Le train n’est pas parti à l’heure. J’ai attendu plusieurs jours en me posant des questions sur ce train, les rails, le lieu,… Peut-être n’étais-je que dans un rêve et que le départ pour Mapuetos n’était qu’un leurre. Peu importe, j’ai marché plusieurs jours au cœur de mes illusions, en suivant les rails. Au début, je sentais en moi de l’enthousiasme mais au fil des nuits, mon corps s’est vidé, plus de goût, plus de désirs, comme si l’amour s’était éteint. Après trois semaines de marche, un homme assis m’observe arriver de loin. Je m’approche. Il me dit : les rails se terminent ici.
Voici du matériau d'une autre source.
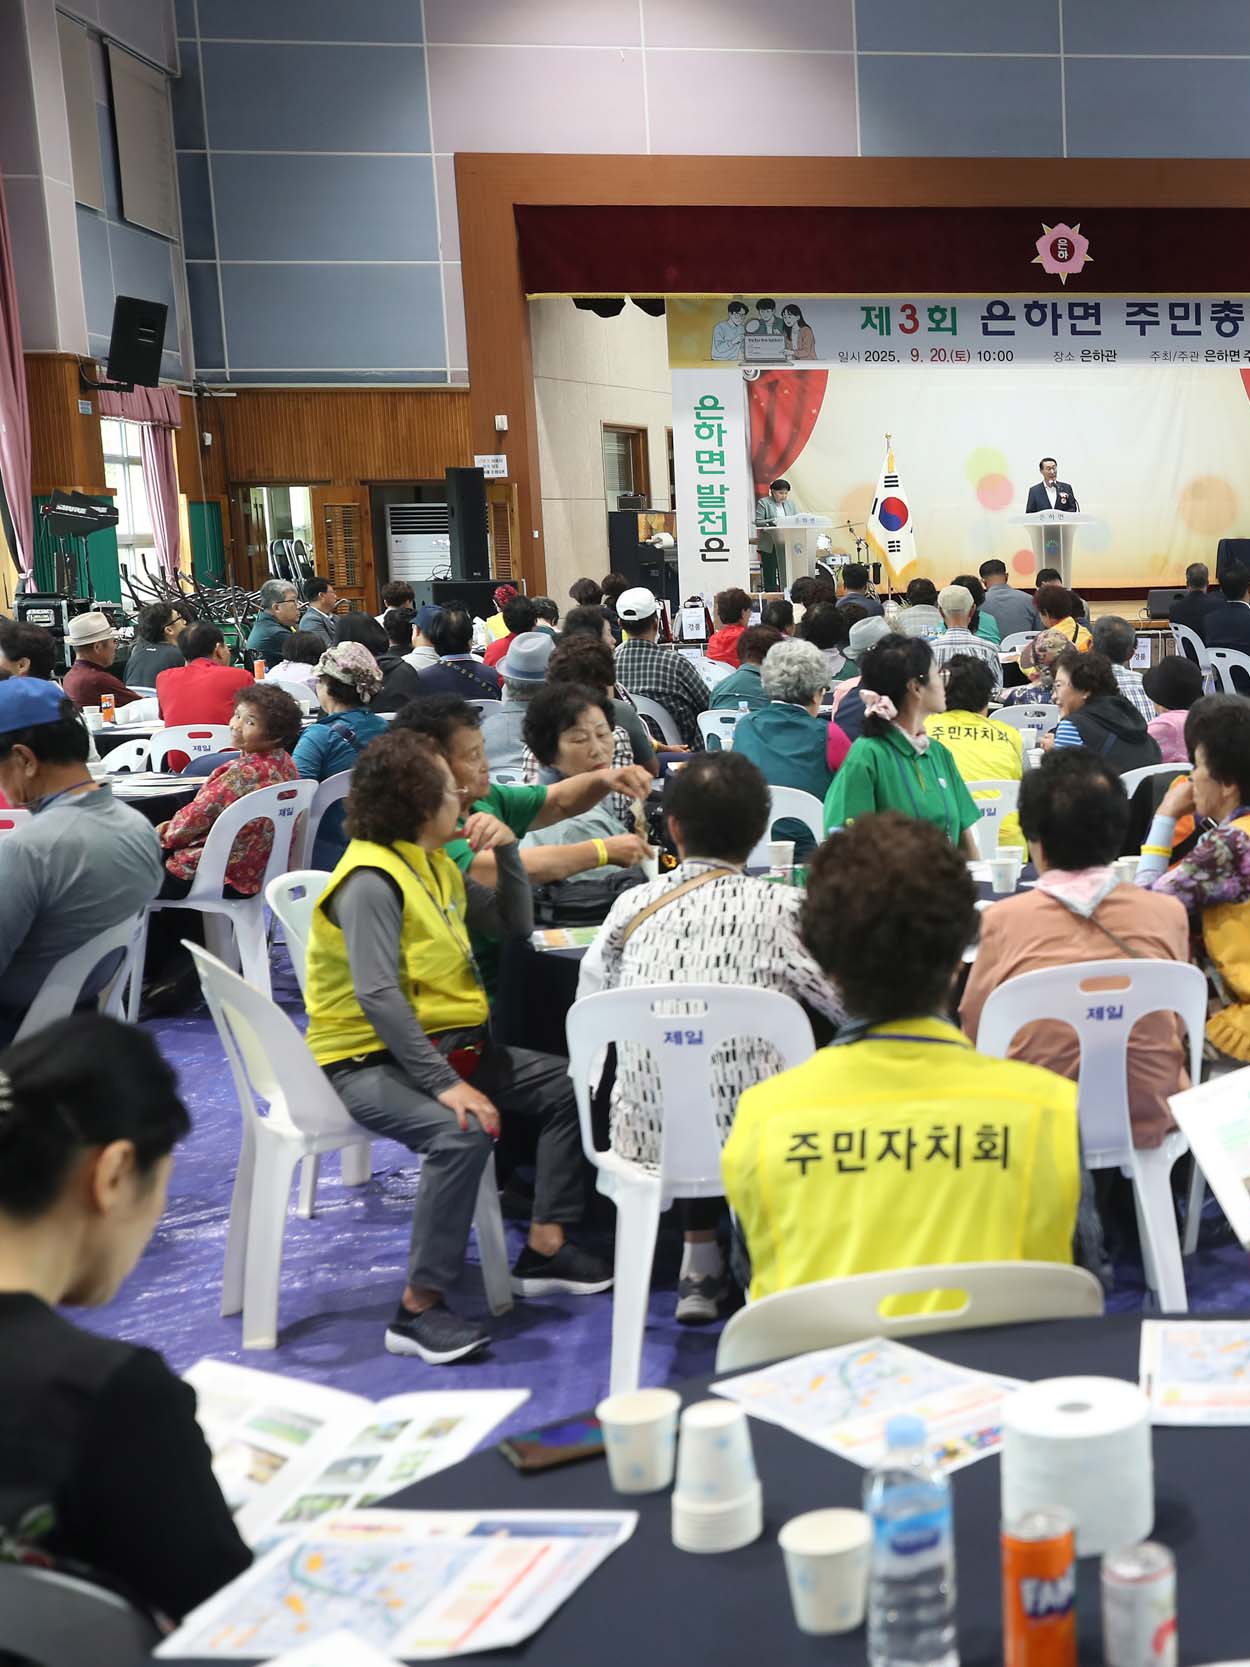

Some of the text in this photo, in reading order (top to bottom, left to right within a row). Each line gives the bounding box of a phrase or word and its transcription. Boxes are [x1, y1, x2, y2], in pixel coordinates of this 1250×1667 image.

Après vous devrez deviner vous-mêmes le chemin . Je m’approche encore et je lui dis : je n’aurai donc jamais droit au bonheur ? Mais je vous reconnais ! Je vous croyais mort ! Maestro ! Vous ici ? Où sont mes sandales ? s’écrie le vieil homme. Il se lève et poursuit : vous ne vous êtes pas trompé Patrick Lowie, c’est dans l’illusion et la fantaisie que le monde a un sens. Je suis tellement heureux que vous ayez suivi mon conseil d’écrire vos rêves. Vous étiez très jeune mais je sais que ces petites idées peuvent changer une vie. Je vais vous offrir un autre conseil aujourd’hui : ne cassez rien et soyez patient. Son corps gonfle, je le tiens par une ficelle, il s’élève, je continue mon chemin vers Mapuetos emportant avec moi ce ballon d’oxygène.. Je me souviens avoir lâchement abandonné Laurence Vielle dans la maison hantée. Je traverse un pont, arrivé au milieu, pris de vertiges, je veux rebrousser chemin. Non, je dois avancer, continuer, pas question d’abandonner maintenant. Je dois retrouver Mapuetos , me dis-je.


Publications & anecdotes

Ce portrait a été publié dans le livre Le totem d'Imyriacht (2023) aux éditions maelstrÖm.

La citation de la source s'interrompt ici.